Work instructions: Your answer must be an exact copy of the records below, minus the pictures.

Data to process:

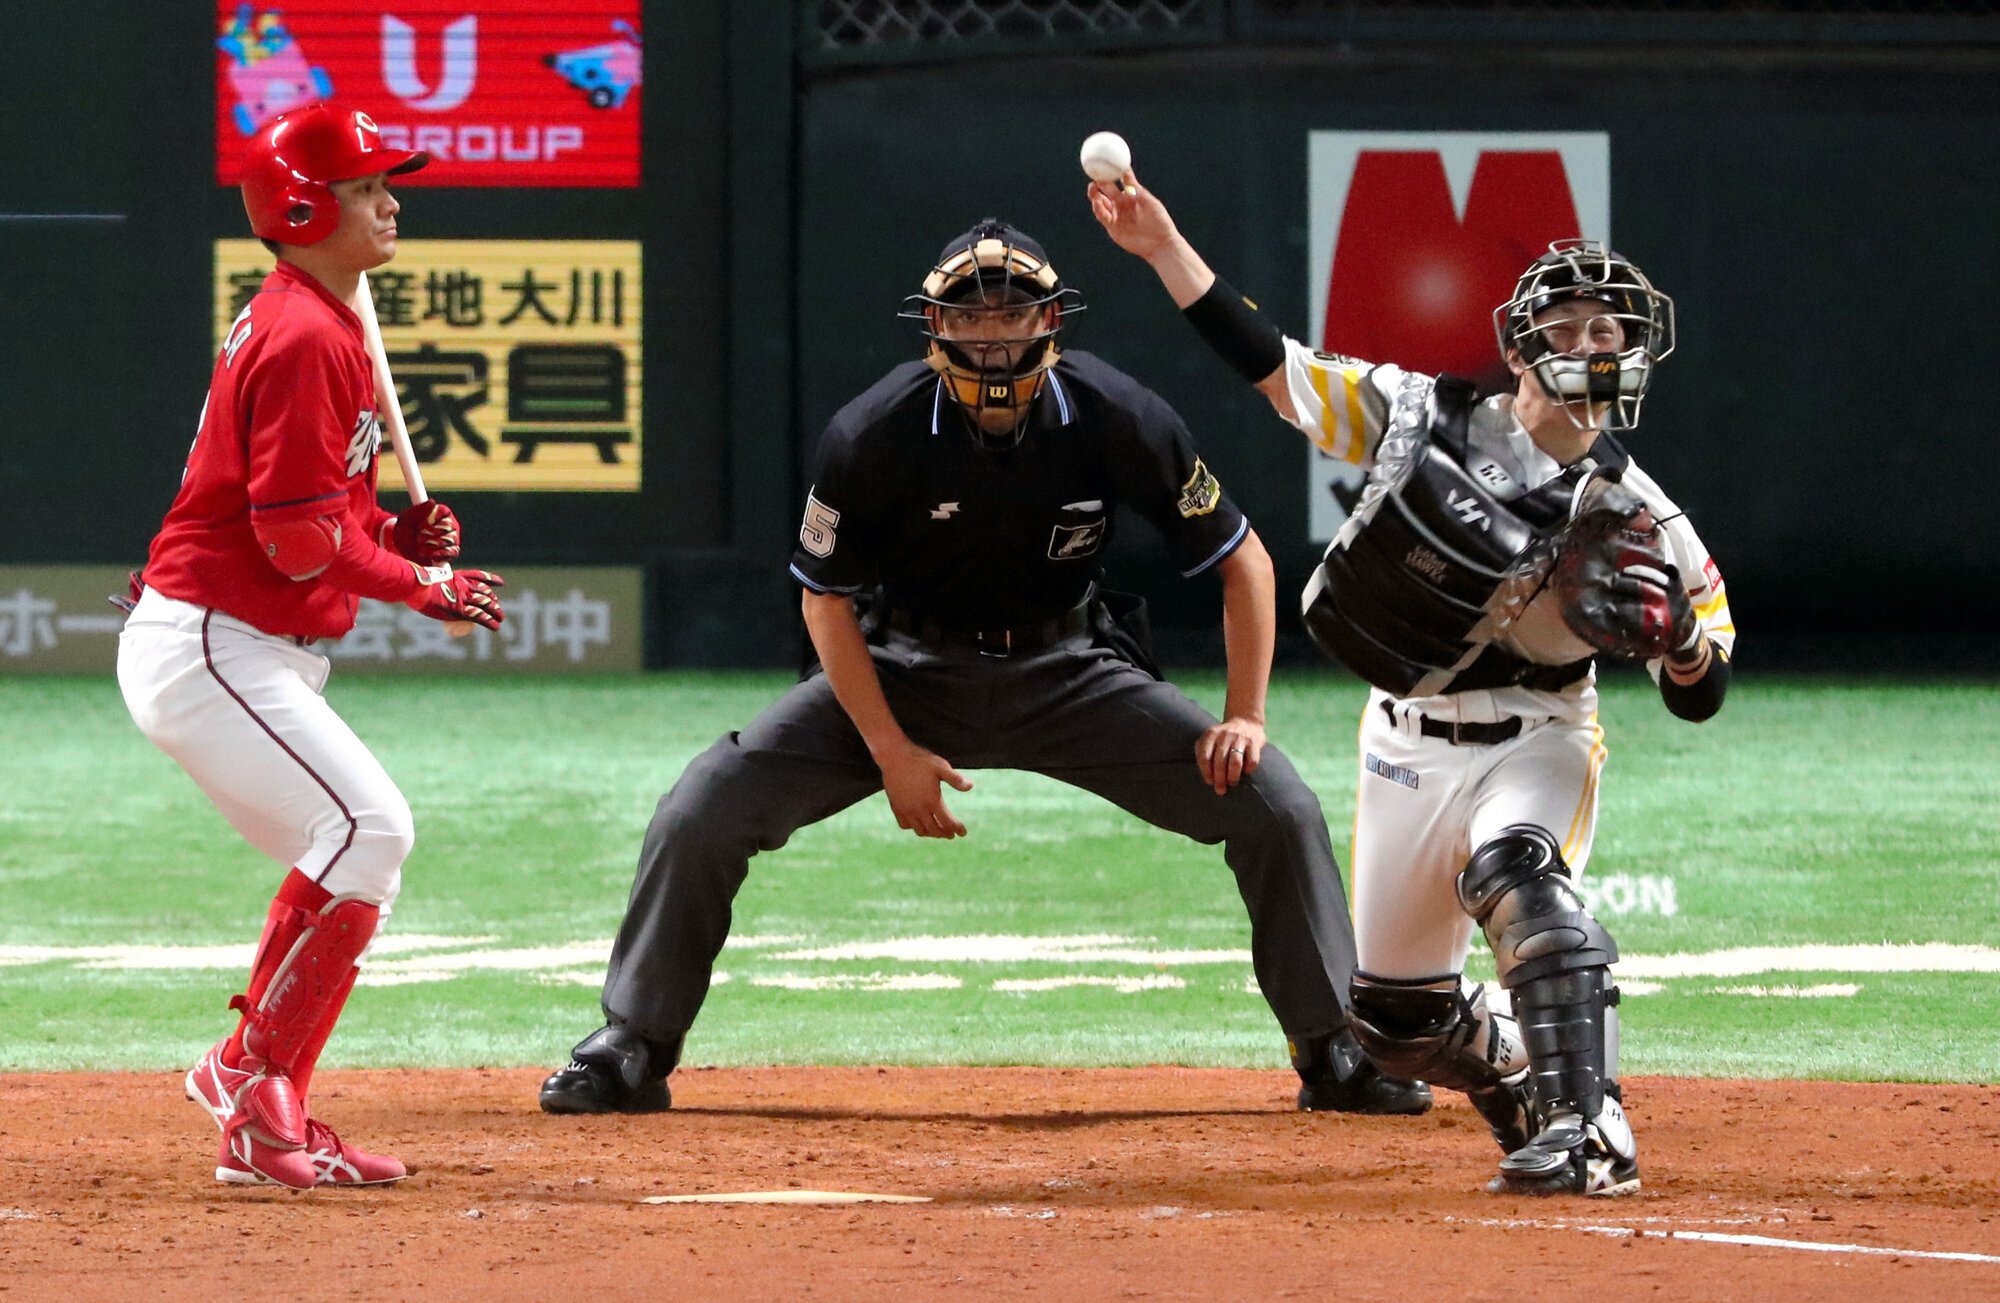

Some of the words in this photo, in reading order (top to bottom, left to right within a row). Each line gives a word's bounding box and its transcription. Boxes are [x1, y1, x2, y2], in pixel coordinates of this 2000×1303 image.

[380, 14, 478, 111] U
[378, 126, 583, 161] GROUP
[377, 340, 632, 464] 家具
[801, 492, 840, 558] 5

Exercise solution:
Some of the words in this photo, in reading order (top to bottom, left to right within a row). Each line gives a word's bounding box and its transcription. Boxes are [x1, y1, x2, y2], in pixel coordinates of this 2000×1303 image.

[380, 14, 478, 111] U
[378, 126, 583, 161] GROUP
[377, 340, 632, 464] 家具
[801, 492, 840, 558] 5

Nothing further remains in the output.